10.ºÀ hora em que ocorreu o sinistro – 6h15m -, o dia estava a amanhecer, havia alguma claridade.

11.º O tráfego era ainda reduzido e não existiam quaisquer obstáculos na via que obstassem à normal circulação rodoviária ou que impedissem a visibilidade e o piso encontrava-se seco.

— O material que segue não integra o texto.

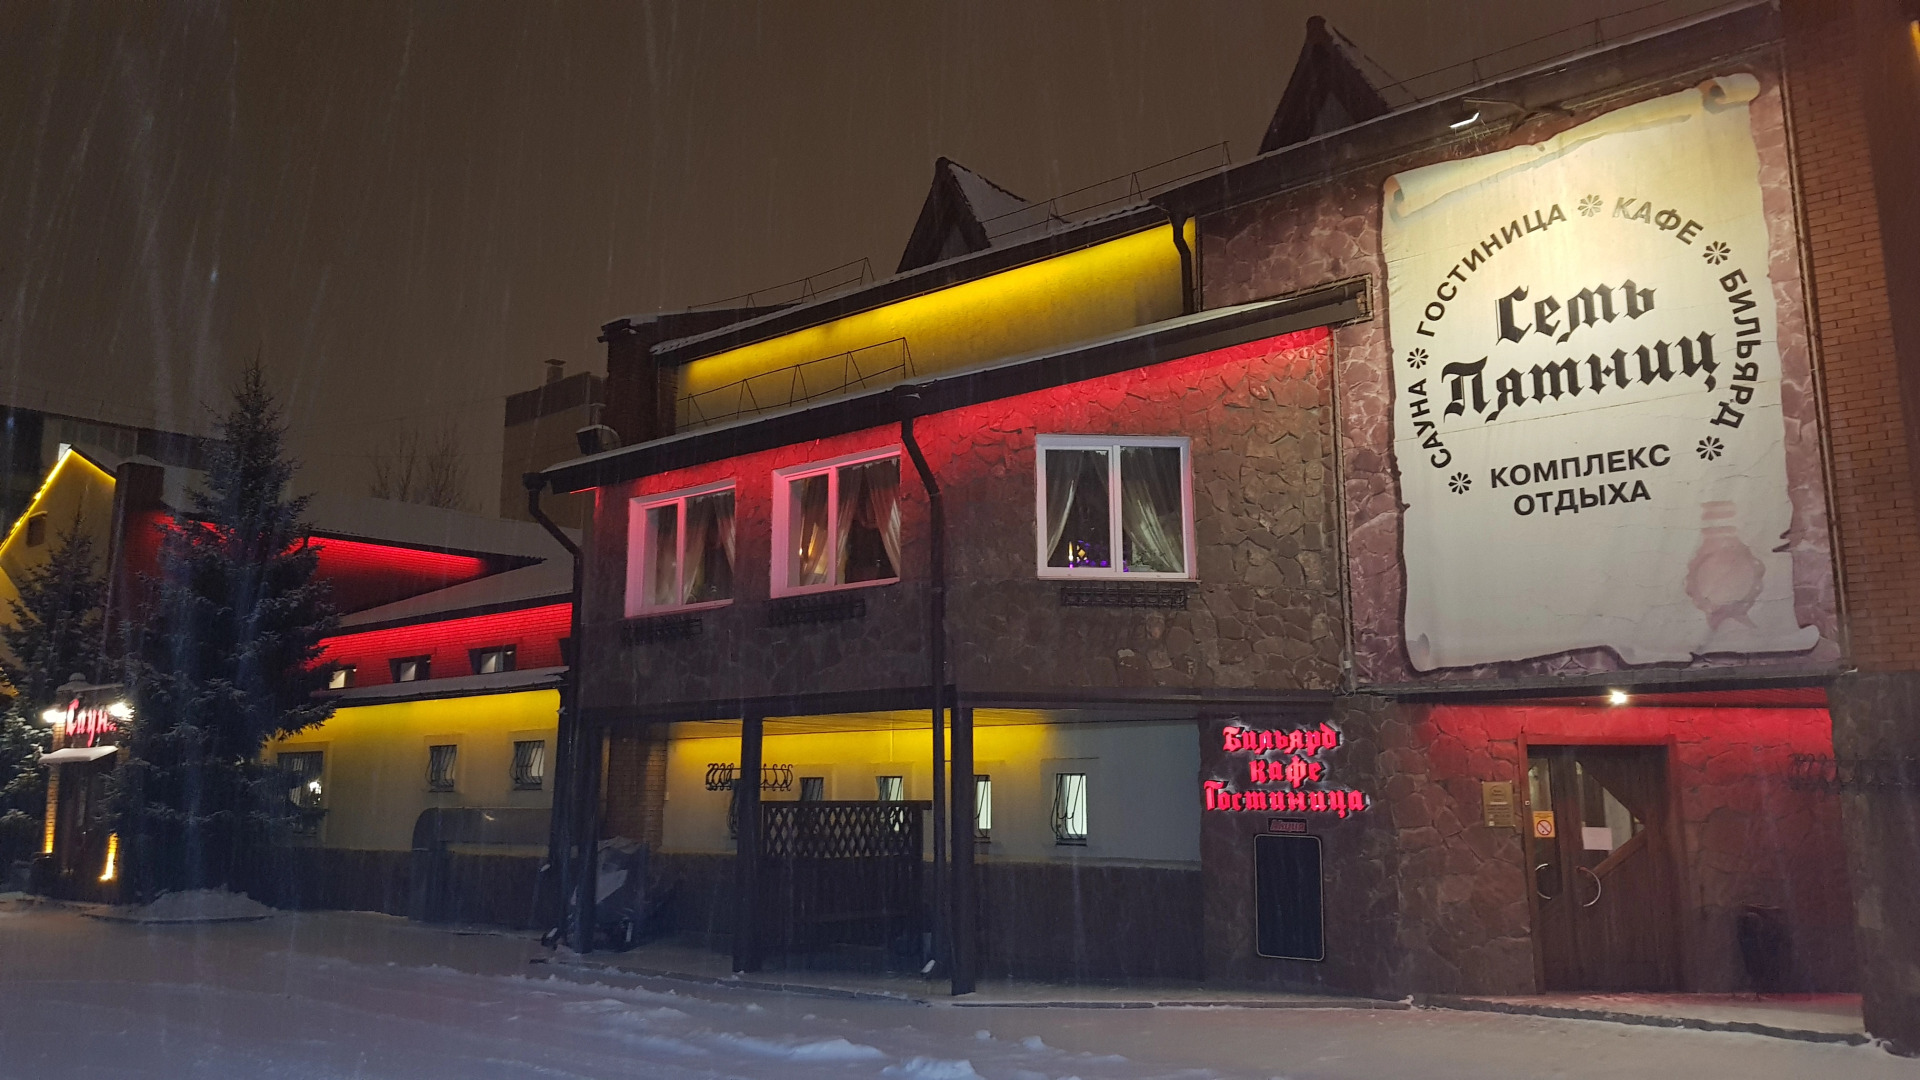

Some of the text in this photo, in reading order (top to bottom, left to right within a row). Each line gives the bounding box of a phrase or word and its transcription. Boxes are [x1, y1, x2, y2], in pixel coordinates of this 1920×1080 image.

[1408, 196, 1761, 468] САУНА ГОСТИНИЦА КАФЕ БИЛЬЯРД
[1495, 278, 1658, 345] Семь
[1441, 330, 1721, 423] Пятниц
[1490, 444, 1672, 488] КОМПЛЕКС
[1513, 479, 1651, 516] ОТДЫХА
[1222, 722, 1339, 756] Бильярд
[1203, 779, 1367, 818] Гостиница

12.º DD já tinha atravessado a hemi faixa esquerda, atento o sentido de trânsito do BN e estava a atravessar a hemi-faixa direita, quando foi embatido lateralmente pelo veículo ligeiro:

13.º O DS vinha a uma velocidade compreendida entre os 50 a 60 Km/h;

14.º O condutor era o único ocupante do veículo ligeiro de passageiros, é … e nesse dia tinha terminado um turno de seis horas (das 23h45 às 05h45), - sentindo-se um pouco fatigado;

15.º O condutor do BN não se apercebeu da presença do ciclista, apenas o viu quando embateu nele;

16.º DD fazia aquele percurso regularmente, para ir tomar o pequeno-almoço à pastelaria “B…”;

17º A EN 109, no local em causa, era ladeada de habitações e espaços comerciais, situando-se dentro de uma localidade;

18.º No local do sinistro existe pelo menos um poste de iluminação noturna;

19.º Na EN 109, no local do sinistro, não existe qualquer tipo de sinalização, seja vertical, seja horizontal, seja semafórica;

20.º A Rua do …, para quem circule na mesma e pretendia passar a circular no interior da EN 109, tem um sinal de STOP;

21.º O DS circulava com as luzes na posição de “médios”.

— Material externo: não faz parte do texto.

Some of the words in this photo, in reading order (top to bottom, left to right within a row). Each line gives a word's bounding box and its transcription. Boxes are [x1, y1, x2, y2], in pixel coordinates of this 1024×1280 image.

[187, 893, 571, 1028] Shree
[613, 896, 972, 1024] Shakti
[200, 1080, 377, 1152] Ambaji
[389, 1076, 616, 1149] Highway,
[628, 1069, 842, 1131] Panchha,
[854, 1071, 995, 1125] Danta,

22.º O condutor do velocípede efetuou o atravessamento da via prioritária sem ter imobilizado, previamente, o mesmo, no sinal de STOP que existe na Rua do … para o trânsito que pretende passar a circular na EN 109.

23.º O condutor do velocípede trajava indumentária de cor escura, não se encontrando o velocípede provido de dispositivos luminosos ou refletores que permitissem a sua referenciação quando visualizado de frente, traseira ou lateralmente.

24.º O condutor do velocípede não era portador de capacete.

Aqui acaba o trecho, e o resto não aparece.